As part of its ongoing march toward a more technologically advanced future, Cuba has opened its very first computer factory, slated to produce tablets and laptops to help catapult the island nation’s populace into the digital age. It’s a distinct departure from the sort of production for which Cuba is currently best known (think sugar and tobacco), but in the name of diversification, the factory will produce around 120,000 devices per year.
Owned by the state-run Informatics, Communications and Electronics Entity, the factory marks Cuba’s entry into the actual manufacturing of its own electronics. The move, Cuban officials say, will “promote technology and digital literacy.” It will have quite a bit of help from Chinese tech behemoth Haier, which will supply equipment, technology, and training to the factory. The output, officials say, will be quite modern, with laptops featuring Celeron, Core i3 and Core i5 chips; and production including 8- and 10-inch tablets.

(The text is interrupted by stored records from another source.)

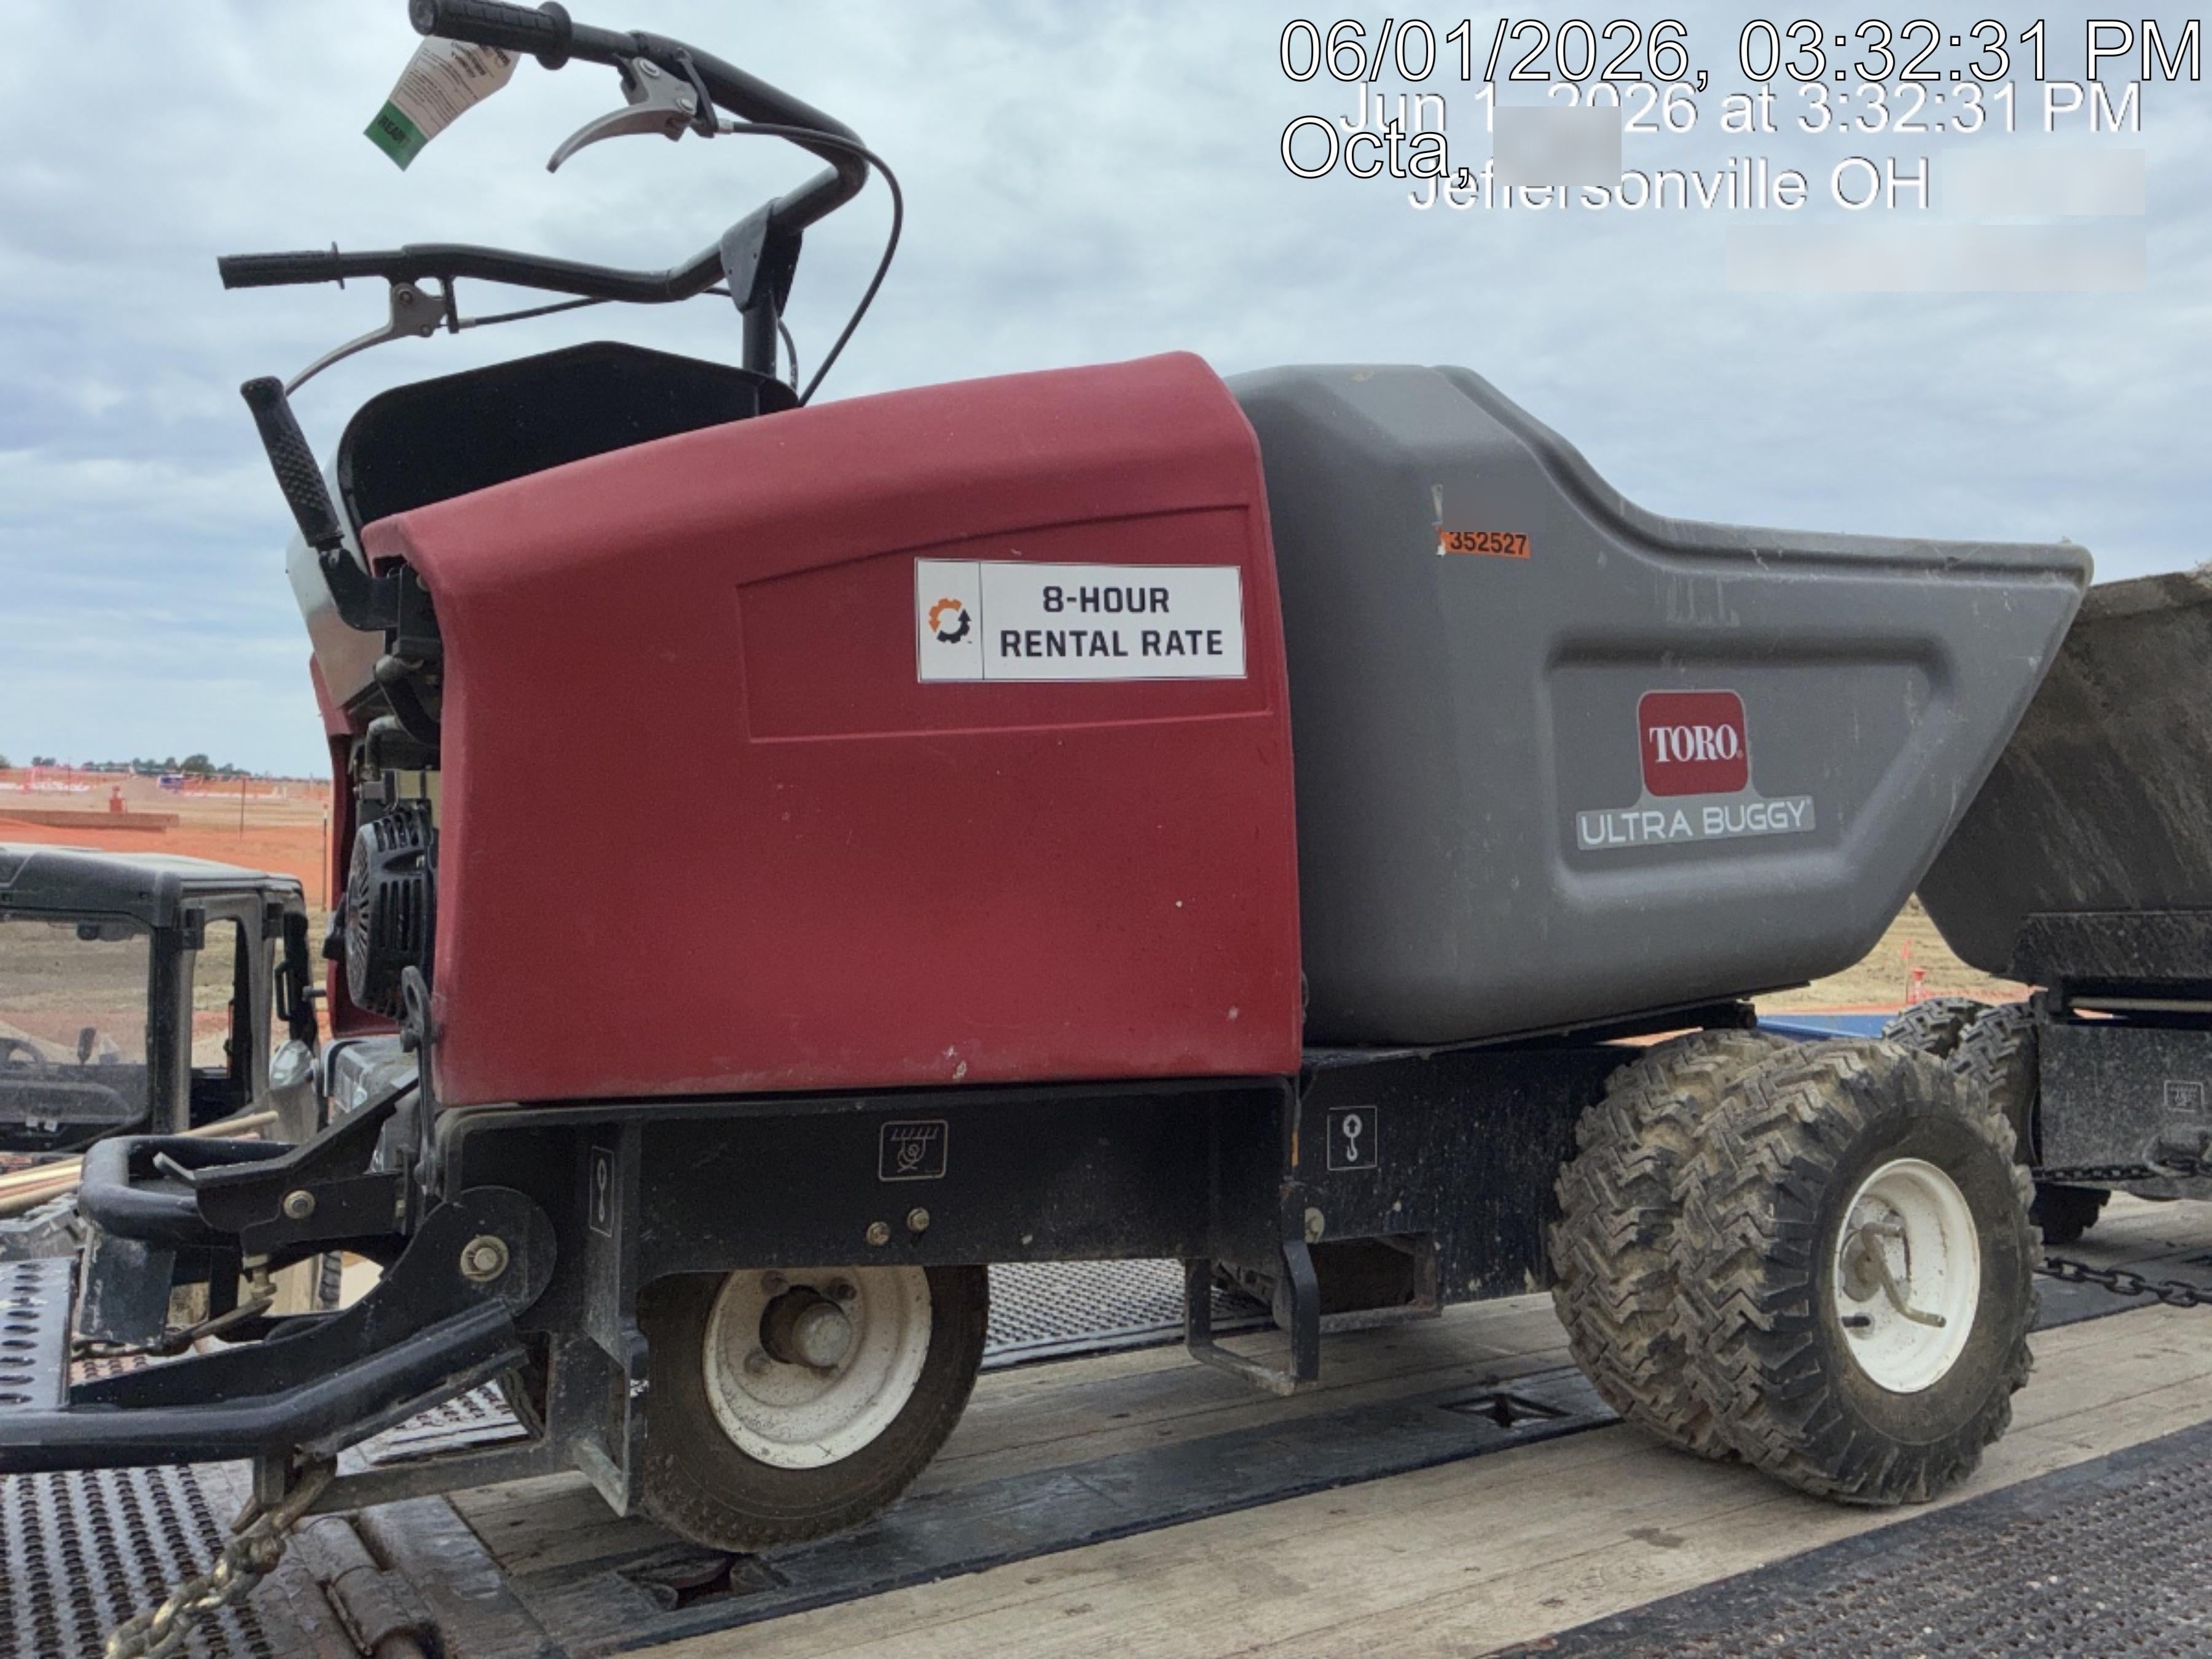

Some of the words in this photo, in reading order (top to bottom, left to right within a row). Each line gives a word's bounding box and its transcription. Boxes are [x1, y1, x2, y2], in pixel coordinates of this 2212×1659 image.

[1449, 531, 1527, 555] 352527
[1043, 586, 1169, 613] 8-HOUR
[1000, 630, 1129, 657] RENTAL
[1142, 630, 1223, 656] RATE
[1649, 723, 1739, 763] TORO
[1580, 809, 1693, 845] ULTRA
[1703, 799, 1805, 835] BUGGY
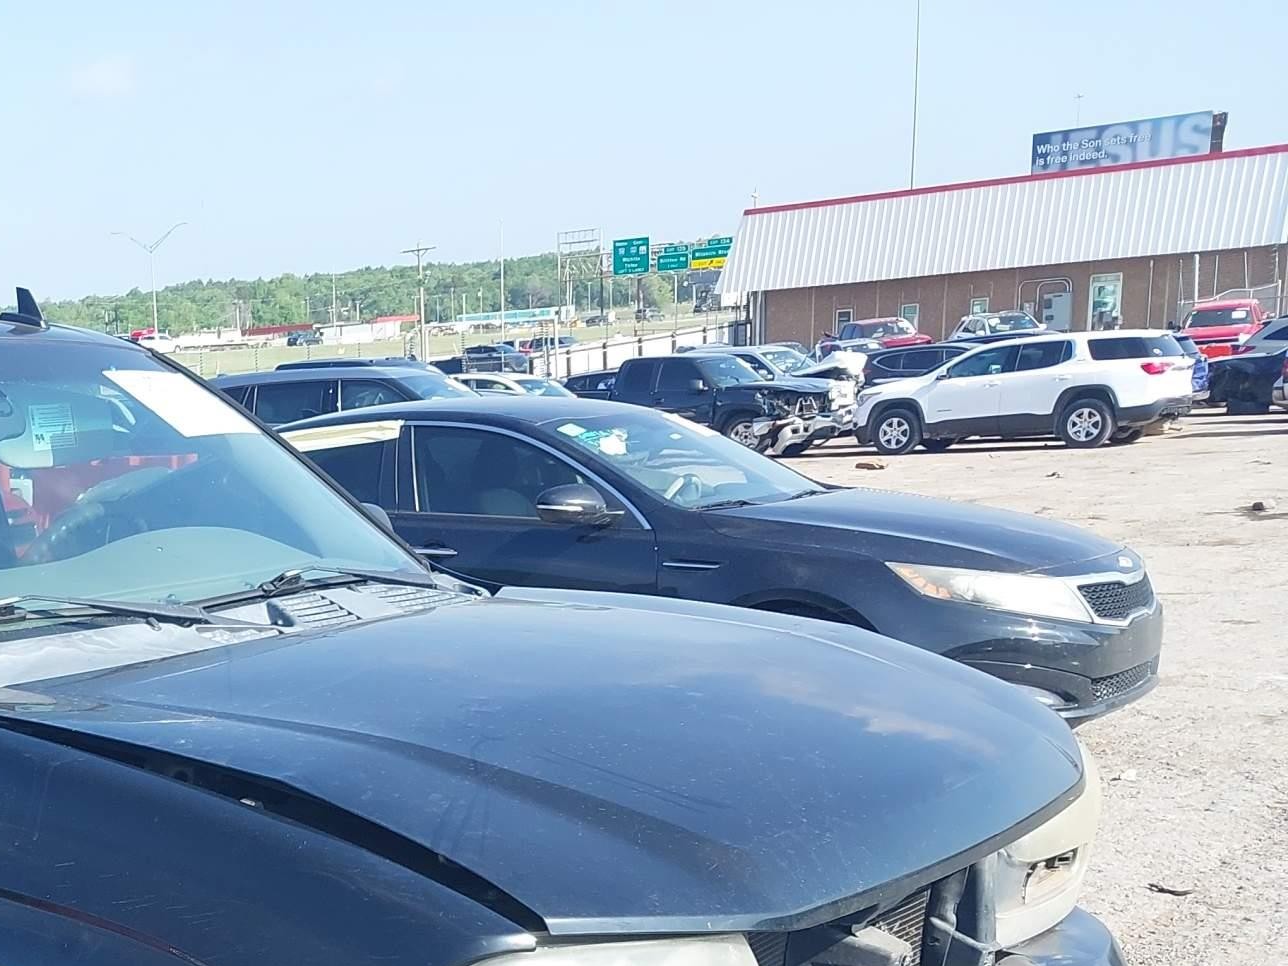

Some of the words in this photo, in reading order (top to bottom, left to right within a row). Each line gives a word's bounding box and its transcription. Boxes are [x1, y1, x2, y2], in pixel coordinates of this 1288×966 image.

[1036, 143, 1060, 155] Who
[1062, 140, 1079, 151] the
[1081, 138, 1102, 149] Son
[1035, 156, 1045, 166] is
[1046, 154, 1068, 165] free
[1069, 149, 1108, 162] indeed.

Despite the emergence of such a factory in Cuba, the new business may not directly benefit the Cuban people. While it will likely benefit China and Haier (the company ought to be able to keep labor costs low), the factory probably won’t be a huge job creator, nor will it necessarily mean that Cubans will have greater access to Cuban-made electronics. Rather, Cuba may begin exporting its laptops and computers to supplement its better known exports, like its cigars.
All the same, as Cuba begins to normalize its relations with the U.S. and the world at large, establishing a foothold in the technological space is certainly a wise move. We’ll have to see what comes of Cuba’s first laptop factory, and keep our eyes peeled for the emergence of the next tech step forward.